● WHAT IS EXPECTED
Nothing in the records should change; write them all out exactly.

::: SOURCE MATERIAL

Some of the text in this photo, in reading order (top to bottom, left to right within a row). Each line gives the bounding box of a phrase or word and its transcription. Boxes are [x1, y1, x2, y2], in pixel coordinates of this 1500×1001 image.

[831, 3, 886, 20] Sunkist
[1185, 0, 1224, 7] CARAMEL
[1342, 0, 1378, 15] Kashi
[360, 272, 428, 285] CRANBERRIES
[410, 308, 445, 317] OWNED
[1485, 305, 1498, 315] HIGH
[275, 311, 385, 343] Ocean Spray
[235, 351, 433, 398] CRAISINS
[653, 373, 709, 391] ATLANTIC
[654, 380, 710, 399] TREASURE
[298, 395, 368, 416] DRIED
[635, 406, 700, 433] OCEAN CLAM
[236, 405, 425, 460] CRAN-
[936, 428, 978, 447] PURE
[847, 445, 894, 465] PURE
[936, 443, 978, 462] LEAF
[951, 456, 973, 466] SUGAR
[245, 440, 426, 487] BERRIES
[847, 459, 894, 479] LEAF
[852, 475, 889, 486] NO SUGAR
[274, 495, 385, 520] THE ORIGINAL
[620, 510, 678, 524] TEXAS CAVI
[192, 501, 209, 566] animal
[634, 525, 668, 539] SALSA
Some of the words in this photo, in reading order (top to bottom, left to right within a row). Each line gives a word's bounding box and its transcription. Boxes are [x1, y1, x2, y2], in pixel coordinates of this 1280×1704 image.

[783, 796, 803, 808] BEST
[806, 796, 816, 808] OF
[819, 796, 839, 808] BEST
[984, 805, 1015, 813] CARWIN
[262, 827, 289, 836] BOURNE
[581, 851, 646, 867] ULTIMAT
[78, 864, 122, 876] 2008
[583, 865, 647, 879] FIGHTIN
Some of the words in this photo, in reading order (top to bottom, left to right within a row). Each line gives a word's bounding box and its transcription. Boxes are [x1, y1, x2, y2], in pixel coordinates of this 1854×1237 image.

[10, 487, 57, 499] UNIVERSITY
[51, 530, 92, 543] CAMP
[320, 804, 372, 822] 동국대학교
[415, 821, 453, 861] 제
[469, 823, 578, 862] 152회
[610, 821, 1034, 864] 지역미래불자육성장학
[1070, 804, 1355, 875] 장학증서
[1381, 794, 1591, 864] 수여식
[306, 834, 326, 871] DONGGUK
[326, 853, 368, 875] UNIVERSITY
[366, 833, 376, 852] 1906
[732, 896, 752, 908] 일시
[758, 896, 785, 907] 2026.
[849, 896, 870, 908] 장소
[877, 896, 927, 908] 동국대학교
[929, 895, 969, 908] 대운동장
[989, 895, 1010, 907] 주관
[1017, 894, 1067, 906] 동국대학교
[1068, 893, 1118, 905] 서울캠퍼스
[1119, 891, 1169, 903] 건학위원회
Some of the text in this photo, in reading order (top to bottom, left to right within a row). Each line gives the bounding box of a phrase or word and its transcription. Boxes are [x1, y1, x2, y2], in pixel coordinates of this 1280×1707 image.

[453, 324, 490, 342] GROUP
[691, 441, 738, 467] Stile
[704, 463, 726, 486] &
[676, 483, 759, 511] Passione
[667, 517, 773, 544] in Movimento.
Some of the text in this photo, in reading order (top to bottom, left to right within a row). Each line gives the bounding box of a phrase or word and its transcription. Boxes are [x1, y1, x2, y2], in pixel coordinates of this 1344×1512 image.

::::::

● EXERCISE RESULT
Some of the text in this photo, in reading order (top to bottom, left to right within a row). Each line gives the bounding box of a phrase or word and its transcription. Boxes are [x1, y1, x2, y2], in pixel coordinates of this 1500×1001 image.

[831, 3, 886, 20] Sunkist
[1185, 0, 1224, 7] CARAMEL
[1342, 0, 1378, 15] Kashi
[360, 272, 428, 285] CRANBERRIES
[410, 308, 445, 317] OWNED
[1485, 305, 1498, 315] HIGH
[275, 311, 385, 343] Ocean Spray
[235, 351, 433, 398] CRAISINS
[653, 373, 709, 391] ATLANTIC
[654, 380, 710, 399] TREASURE
[298, 395, 368, 416] DRIED
[635, 406, 700, 433] OCEAN CLAM
[236, 405, 425, 460] CRAN-
[936, 428, 978, 447] PURE
[847, 445, 894, 465] PURE
[936, 443, 978, 462] LEAF
[951, 456, 973, 466] SUGAR
[245, 440, 426, 487] BERRIES
[847, 459, 894, 479] LEAF
[852, 475, 889, 486] NO SUGAR
[274, 495, 385, 520] THE ORIGINAL
[620, 510, 678, 524] TEXAS CAVI
[192, 501, 209, 566] animal
[634, 525, 668, 539] SALSA
Some of the words in this photo, in reading order (top to bottom, left to right within a row). Each line gives a word's bounding box and its transcription. Boxes are [x1, y1, x2, y2], in pixel coordinates of this 1280×1704 image.

[783, 796, 803, 808] BEST
[806, 796, 816, 808] OF
[819, 796, 839, 808] BEST
[984, 805, 1015, 813] CARWIN
[262, 827, 289, 836] BOURNE
[581, 851, 646, 867] ULTIMAT
[78, 864, 122, 876] 2008
[583, 865, 647, 879] FIGHTIN
Some of the words in this photo, in reading order (top to bottom, left to right within a row). Each line gives a word's bounding box and its transcription. Boxes are [x1, y1, x2, y2], in pixel coordinates of this 1854×1237 image.

[10, 487, 57, 499] UNIVERSITY
[51, 530, 92, 543] CAMP
[320, 804, 372, 822] 동국대학교
[415, 821, 453, 861] 제
[469, 823, 578, 862] 152회
[610, 821, 1034, 864] 지역미래불자육성장학
[1070, 804, 1355, 875] 장학증서
[1381, 794, 1591, 864] 수여식
[306, 834, 326, 871] DONGGUK
[326, 853, 368, 875] UNIVERSITY
[366, 833, 376, 852] 1906
[732, 896, 752, 908] 일시
[758, 896, 785, 907] 2026.
[849, 896, 870, 908] 장소
[877, 896, 927, 908] 동국대학교
[929, 895, 969, 908] 대운동장
[989, 895, 1010, 907] 주관
[1017, 894, 1067, 906] 동국대학교
[1068, 893, 1118, 905] 서울캠퍼스
[1119, 891, 1169, 903] 건학위원회
Some of the text in this photo, in reading order (top to bottom, left to right within a row). Each line gives the bounding box of a phrase or word and its transcription. Boxes are [x1, y1, x2, y2], in pixel coordinates of this 1280×1707 image.

[453, 324, 490, 342] GROUP
[691, 441, 738, 467] Stile
[704, 463, 726, 486] &
[676, 483, 759, 511] Passione
[667, 517, 773, 544] in Movimento.
Some of the text in this photo, in reading order (top to bottom, left to right within a row). Each line gives the bounding box of a phrase or word and its transcription. Boxes are [x1, y1, x2, y2], in pixel coordinates of this 1344×1512 image.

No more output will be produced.